Rabu, 27 Juni 2012

DPR Seharusnya Malu Sama PKL

Jakarta, (SUARA LSM) - DPR seharusnya malu sama pedagang kaki lima yang mau menyumbangkan dana Rp. 1 juta untuk pembangunan gedung KPK yang baru.  Walau akhirnya sumbangan tersebut ditolak KPK. Namun hal itu ‘menampar’ anggota dewan yang menolak pembangunan gedung baru KPK. 
Presiden PPKLI Hermansyah menyatakan, jumlah Rp 1 juta adalah sumbangan pertama dari 54 juta PKL di seluruh Indonesia. Herman mengatakan, kelompoknya akan menyumbang total Rp 162 miliar yang didapat dari hasil urunan 54 juta PKL Indonesia sebanyak Rp 1.000 selama tiga hari.
“Sesuai harapan KPK untuk terus berjuang, bekerja keras membasmi korupsi dan jangan mau terhalang tingkah DPR atau Setneg atau pihak-pihak lainnya yang alergi dengan KPK,” kata Herman di Gedung KPK. 
Seperti diberitakan sebelumnya di media massa Komisi III DPR belum juga menyetujui anggaran pembangunan gedung KPK sebesar Rp 225,7 miliar. Berbagai alasan dikemukakan oleh Komisi III untuk menolak anggaran ini. Misalnya soal status KPK, sejumlah anggota Komisi merasa pembangunan gedung belum perlu karena status KPK hanya bersifat ad hoc.
Koordinator Investigasi dan Advokasi Forum Indonesia untuk Transparansi Anggaran (FITRA) Uchok Sky Khadafi, mengatakan, DPR telah memblokir anggaran Komisi Antikorupsi. Blokir anggaran, kata Uchok, sama saja berarti DPR menggerogoti kinerja Komisi Antikorupsi.
Uchok mengatakan, dalam Keputusan Presiden Nomor 32 Tahun 2011 tentang Rincian Anggaran Belanja Pemerintah Pusat Tahun Anggaran 2012, alokasi anggaran Komisi Antikorupsi yang diblokir DPR sebesar Rp 70,7 miliar.

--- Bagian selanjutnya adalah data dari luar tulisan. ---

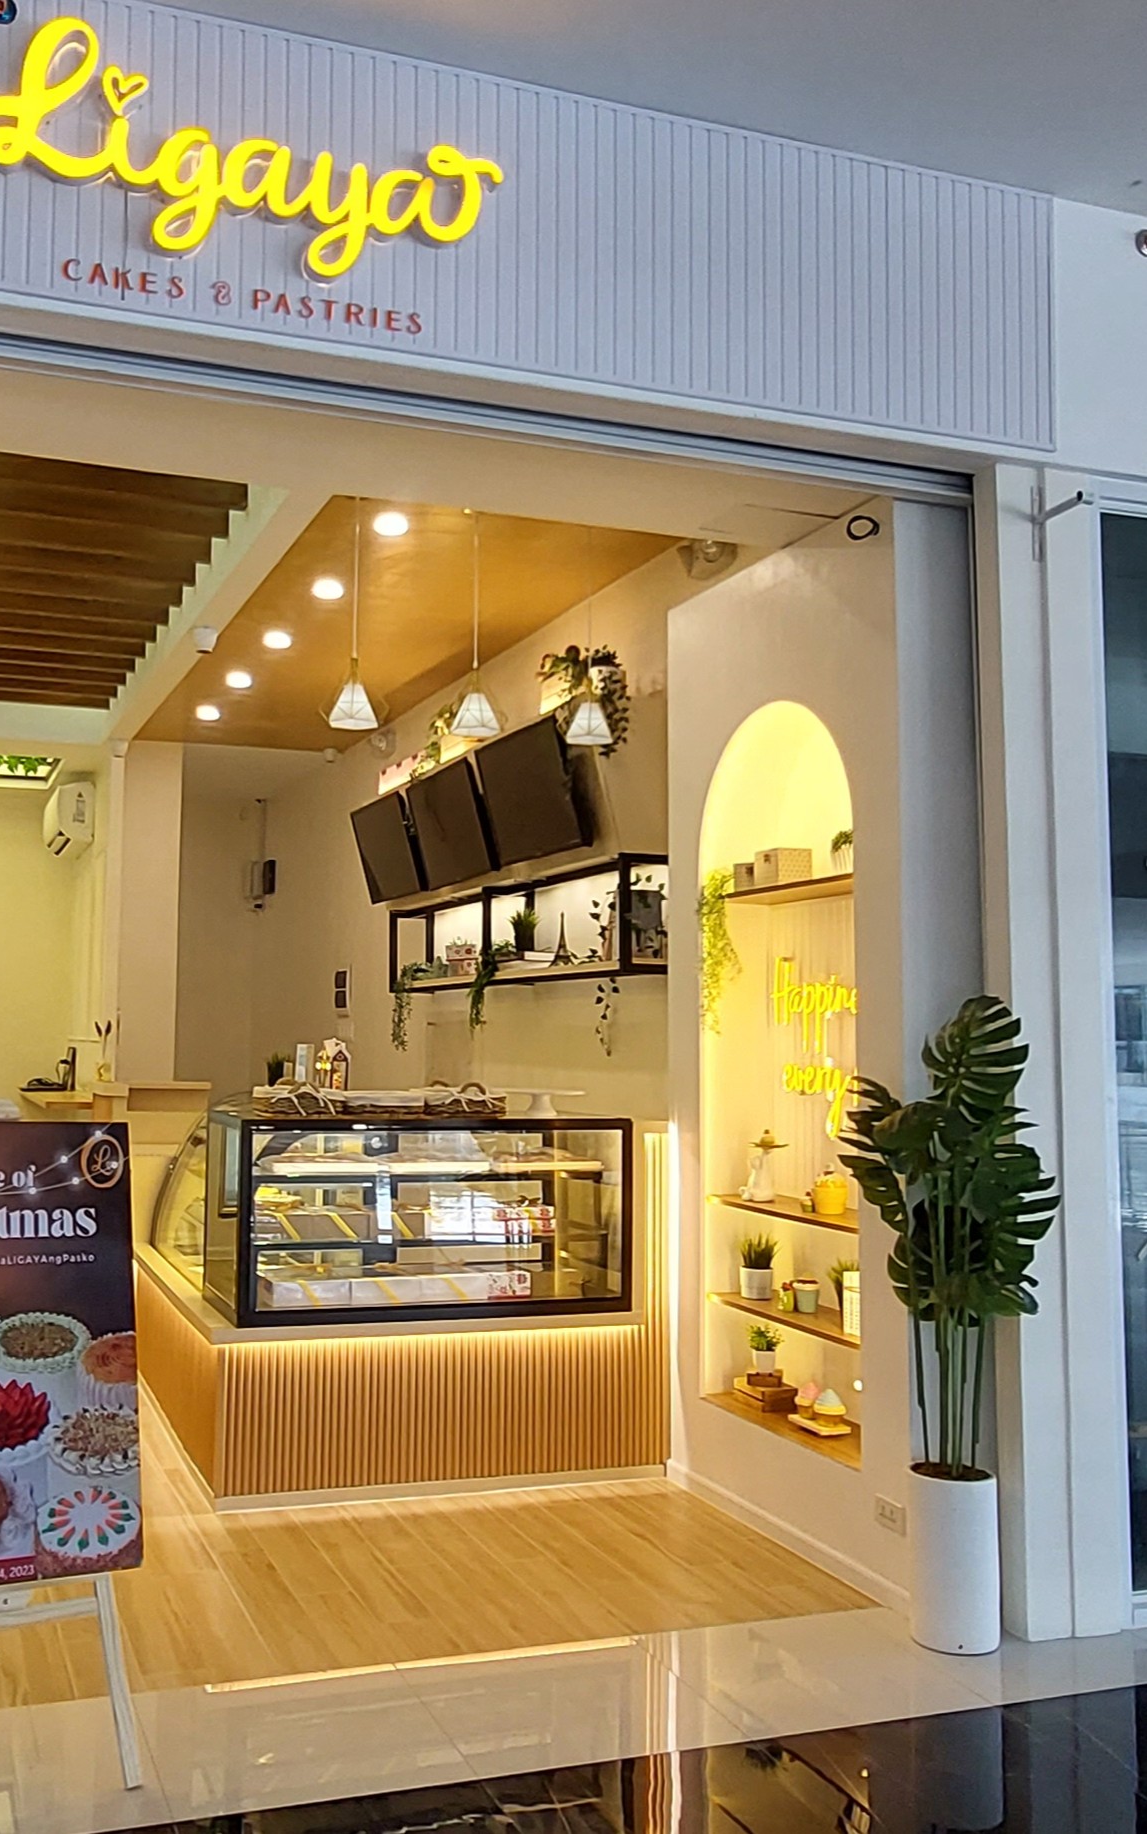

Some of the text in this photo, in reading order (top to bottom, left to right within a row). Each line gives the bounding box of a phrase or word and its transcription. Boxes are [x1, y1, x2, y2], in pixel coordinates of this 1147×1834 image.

[61, 258, 185, 299] CAKES
[253, 288, 423, 335] PASTRIES
[12, 1164, 37, 1188] of
[9, 1564, 35, 1578] 2023

Alokasi itu terdiri dari pembebasan tanah Rp 9,7 miliar dan pembangunan gedung KPK Rp 61 miliar.
"Dihambatnya pembangunan gedung KPK ini memperlihatkan Komisi III tidak menginginkan kinerja KPK meningkat untuk pemberantasan korupsi," kata Uchok di Jakarta, Senin (25/6).

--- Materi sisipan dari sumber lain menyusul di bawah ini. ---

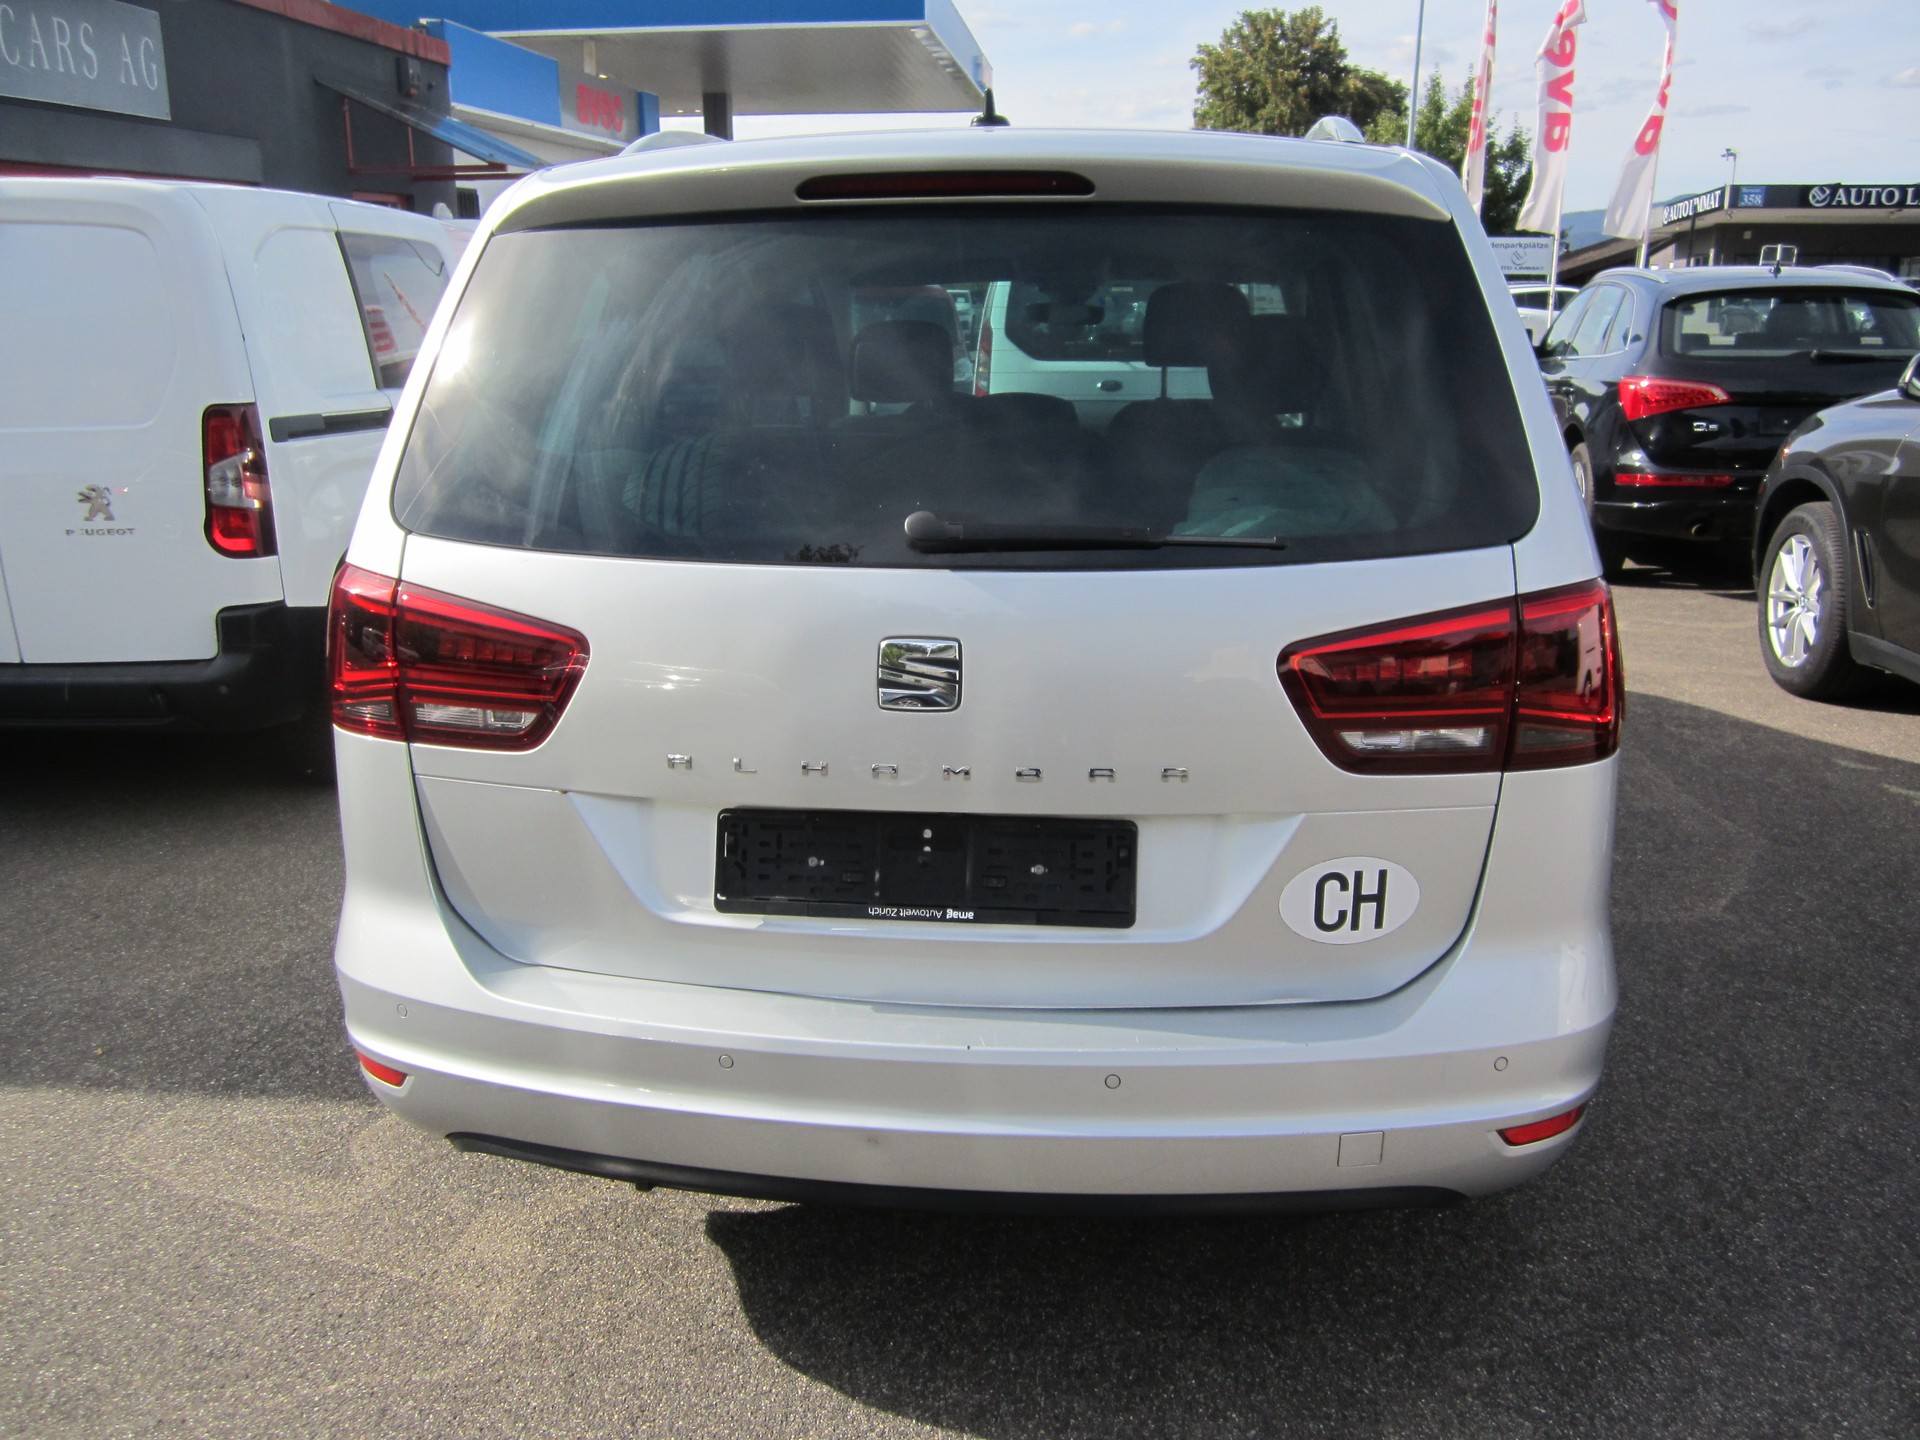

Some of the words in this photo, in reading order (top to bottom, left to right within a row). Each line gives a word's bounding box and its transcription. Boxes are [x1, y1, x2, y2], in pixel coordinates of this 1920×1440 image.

[0, 4, 98, 79] CARS
[121, 33, 158, 90] AG
[1740, 194, 1762, 205] 358
[1831, 187, 1899, 206] AUTO
[1905, 187, 1920, 206] L
[1668, 199, 1689, 221] AUTO
[1313, 869, 1388, 933] CH
[868, 906, 898, 917] Zürich
[899, 908, 943, 918] Autowelt
[946, 908, 975, 920] amag

Anggota DPR Komisi III Fraksi Golkar Bambang Soesatyo membantah Komisi III DPR menghambat anggaran pembangunan gedung baru KPK. Sebaliknya, kata Bambang, Komisi III DPR sebagai partner KPK justru sangat memahami kebutuhan-kebutuhan KPK.

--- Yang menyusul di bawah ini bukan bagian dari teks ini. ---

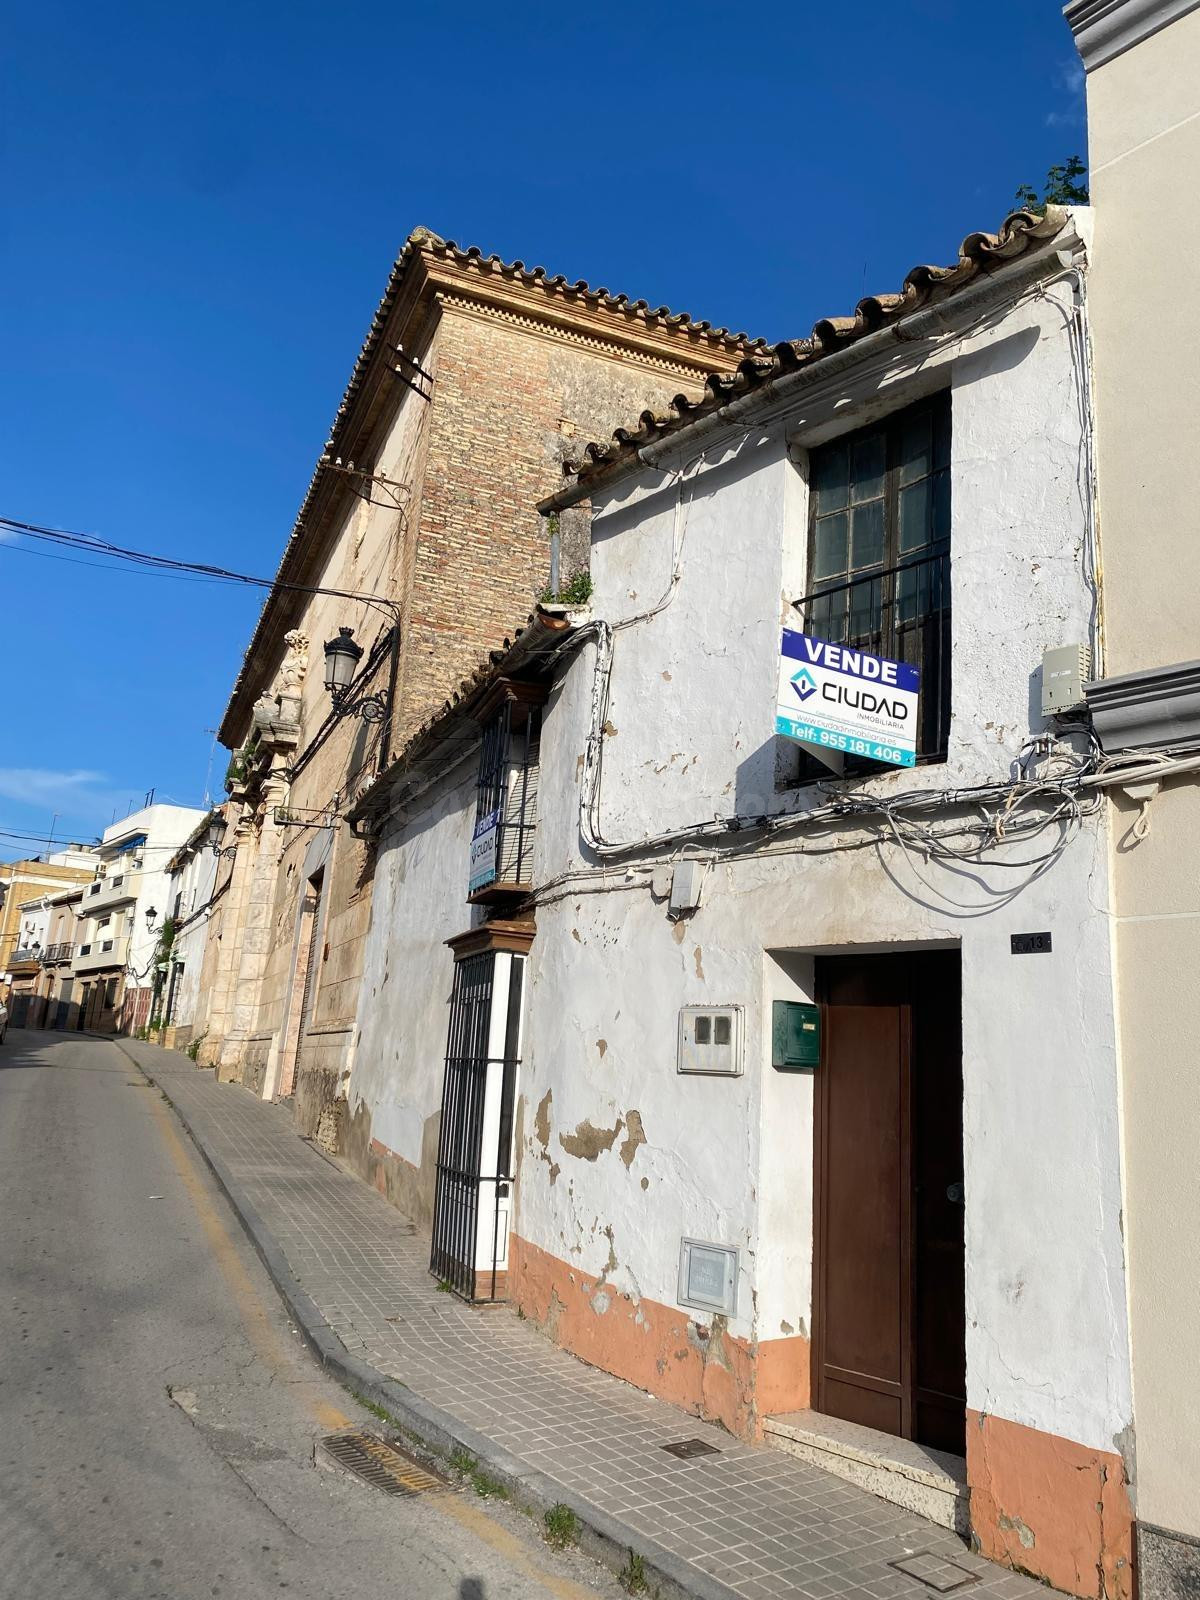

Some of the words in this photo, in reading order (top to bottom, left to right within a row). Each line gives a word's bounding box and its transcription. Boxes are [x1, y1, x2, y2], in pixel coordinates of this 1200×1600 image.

[804, 637, 898, 685] VENDE
[822, 682, 908, 720] CIUDAD
[796, 714, 897, 746] www.ciudadinmobiliaria.es
[857, 712, 905, 730] INMOBILIARIA
[790, 722, 817, 741] Telf:
[820, 731, 847, 749] 955
[849, 739, 871, 755] 181
[873, 746, 902, 762] 406
[476, 812, 494, 836] VENDE
[477, 837, 493, 855] CIUDAD
[1030, 935, 1042, 949] 13

"Tetapi persoalannya, rapat pleno Komisi III pada masa persidangan yang lalu, sembilan fraksi melalui juru bicara fraksi masing-masing menyampaikan pendapatnya untuk sepakat ditunda. Termasuk Fraksi Partai Demokrat dan Gerindra. Semua terdokumentasi dalam notulen dan keputusan rapat," kata Bambang Soesatyo.
Menurut Bambang, salah satu concern komisi III saat itu adalah status KPK sebagai institusi ad hoc. Karena statusnya yang ad hoc, sambung Bambang, muncul pemikiran apakah tidak lebih baik memanfaatkan gedung-gedung pemerintah yang banyak kosong dan tidak terpakai atau gedung-gedung sitaan BPPN yang juga banyak menganggur.
"Membangun gedung baru KPK tentu memerlukan waktu yang cukup lama ketimbang merenovasi dan memanfaatkan gedung menganggur yang ada," ujarnya.
Meskipun demikian, lanjut Bambang, jika memang KPK bersikeras hendak membangun gedung sendiri, tentu saja hal ini memerlukan pembahasan lagi di Komisi III. Termasuk rencana KPK menggalang dana dari masyarakat juga bagus-bagus saja.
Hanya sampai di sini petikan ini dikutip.